Currently, the treatment approach in CUP involves site-specific therapy if the tissue-of-origin is determined using an IHC panel and/or molecular tissue-of-origin assay [7,8,9, 30]. Given that the efficacy of ICI therapy based on PD-L1 has been confirmed in NSCLC, TNBC, urothelial carcinoma, uterine cervical cancer, and gastric/esophageal cancer, if the tissue origin is determined for CUP using an IHC panel and/or molecular tissue-of-origin assay, ICI therapy could be initiated on assessing PD-L1 expression. However, it is necessary to consider that the currently defined PD-L1 clones, IHC platforms, scoring systems, and cutoff values for each cancer type tend to differ; therefore, additional research is needed to determine whether different PD-L1 evaluation systems should be used according to the tissue origin in CUP.

Based on the subgroup analysis of CUP, PD-L1 SP263 TC positivity, PD-L1 SP263 IC negativity, and PD-L1 28 − 8 IC negativity were associated with a poor prognosis. Other tumors, including urothelial carcinoma, NSCLC, head and neck cancer, and liver cholangiocarcinoma, have shown similar results, where PD-L1 expression in tumor cells was associated with poor prognosis, whereas PD-L1 expression in immune cells was associated with better prognosis [46,47,48,49,50].

In this study, only PD-L1 staining was conducted.
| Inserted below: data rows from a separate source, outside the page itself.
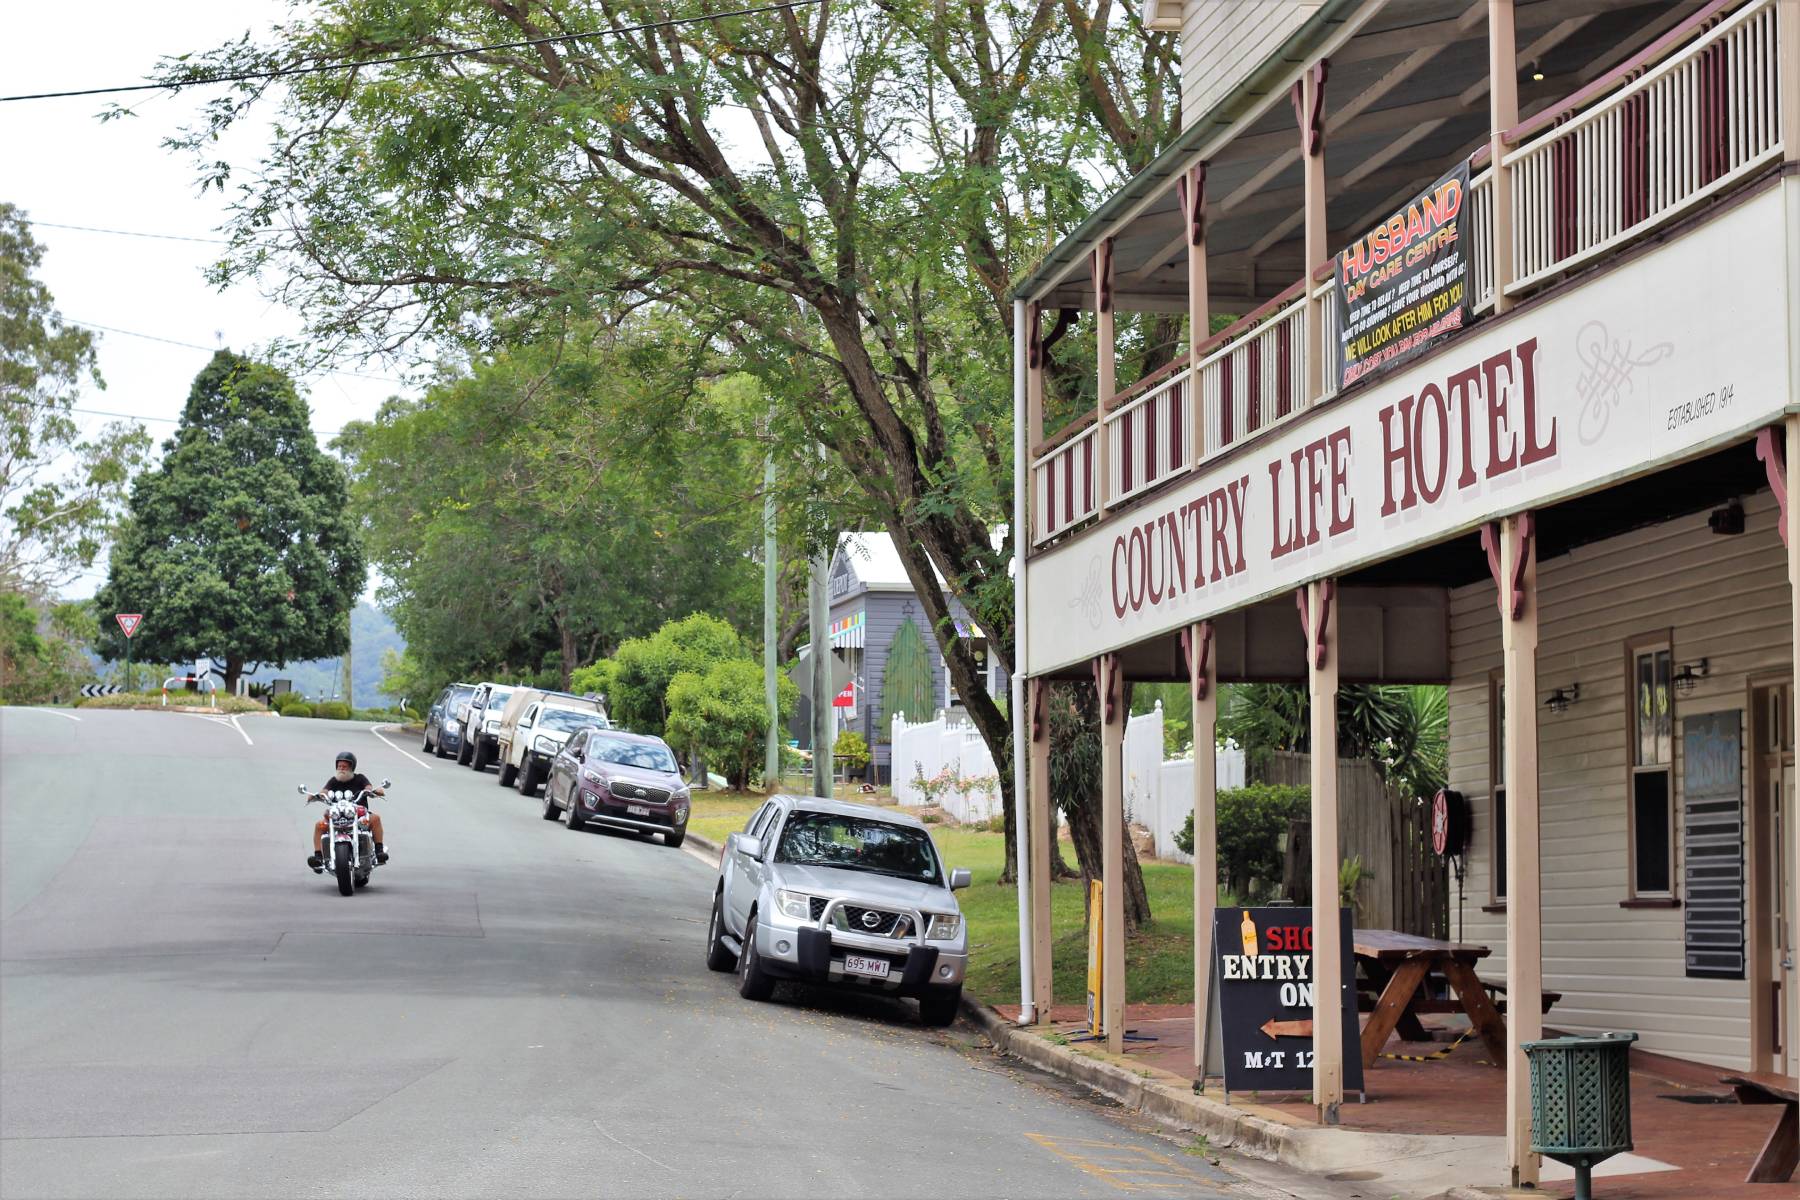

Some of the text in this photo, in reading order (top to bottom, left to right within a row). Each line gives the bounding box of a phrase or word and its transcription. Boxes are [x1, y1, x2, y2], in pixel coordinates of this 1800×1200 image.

[1343, 179, 1462, 284] HUSBAND
[1347, 221, 1458, 302] DAY CARE CENTRE
[1341, 327, 1353, 341] WANT
[1354, 324, 1358, 334] TO
[1359, 320, 1365, 331] GO
[1391, 297, 1405, 312] LEAVE
[1406, 289, 1418, 304] YOUR
[1420, 276, 1444, 296] HUSBAND
[1446, 268, 1457, 282] WITH
[1349, 309, 1359, 323] NEED
[1360, 303, 1371, 317] TIME
[1371, 300, 1376, 310] TO
[1398, 279, 1409, 295] NEED
[1411, 272, 1421, 288] TIME
[1423, 268, 1429, 281] TO
[1430, 253, 1458, 275] YOURSELF?
[1345, 342, 1356, 361] WE
[1357, 334, 1371, 355] WILL
[1372, 323, 1390, 346] LOOK
[1392, 310, 1415, 335] AFTER
[1417, 302, 1432, 323] HIM
[1433, 291, 1448, 314] FOR
[1668, 383, 1734, 430] ESTABLISHED 1914
[1111, 336, 1557, 620] COUNTRY LIFE HOTEL
[848, 959, 886, 973] 695 MWI
[1222, 954, 1310, 980] ENTRY
[1265, 926, 1313, 950] SHO
[1280, 982, 1314, 1007] ON
However, previous studies in other cancer types have performed double staining such as CD68/PD-L1 to distinguish staining differences between PD-L1 and tumor-associated macrophages (TAMs) and other immune cells, and have presented differences in tumor subtypes and prognosis accordingly [51, 52]. Therefore, dual staining like CD68/PD-L1 can provide important insights into the role of immune cells in the tumor microenvironment and the mechanisms of tumor immune evasion. This could aid in developing treatment strategies and identifying the origin of tumors. Therefore, additional research on dual staining, such as CD68/PD-L1, is deemed necessary to accurately characterize the tumor properties and develop personalized treatment strategies, especially in cases like CUP where the tumor origin is unknown.
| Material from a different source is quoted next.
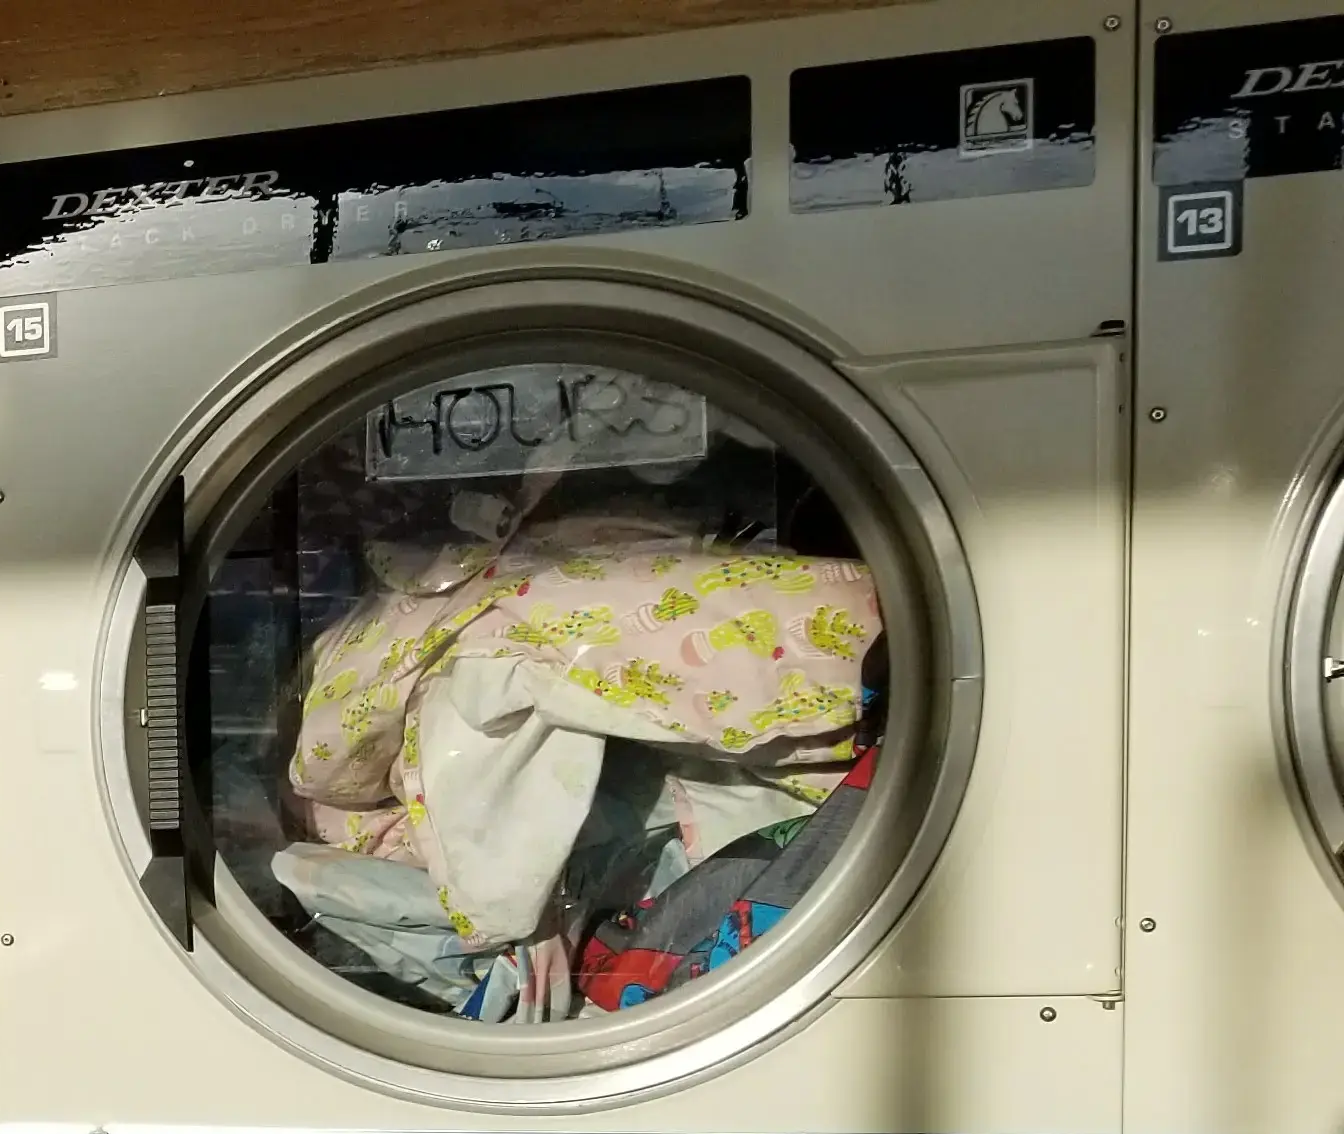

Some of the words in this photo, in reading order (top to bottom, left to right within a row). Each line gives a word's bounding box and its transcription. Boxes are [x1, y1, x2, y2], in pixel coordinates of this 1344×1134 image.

[42, 171, 280, 222] DEXTER
[1176, 207, 1224, 236] 13
[7, 316, 44, 343] 15
[378, 374, 690, 458] HOURS
One limitation of this study is that PD-L1 staining was conducted on a limited amount of tissue using TMA, which may not adequately reflect tumor heterogeneity. Previous studies investigating the differences in PD-L1 expression between biopsy and surgical tissue in various cancer types have shown a concordance rate of 70% or higher in most cases [53,54,55,56]. Additionally, in clinical practice, obtaining small biopsies rather than excising the entire lesion surgically is more common in cases of CUP, suggesting that the results from TMA studies may be more similar to the actual clinical environment. Moreover, in cases where small biopsies are not feasible due to various clinical circumstances, cytological samples may be considered for assessing PD-L1 status in CUP patients. Previous studies have reported moderate or higher concordance rates between cytology and histology samples regarding PD-L1 expression [57,58,59], indicating the need for additional research on PD-L1 expression in cytological samples from CUP patients.

Conclusions

In conclusion, PD-L1 expression was observed in CUP, with varying positivity rates depending on the antibody and scoring system employed. There was no difference in PD-L1 expression based on histological or clinical subtypes. Therefore, ICI treatment based on PD-L1 expression in CUP can be an effective treatment strategy.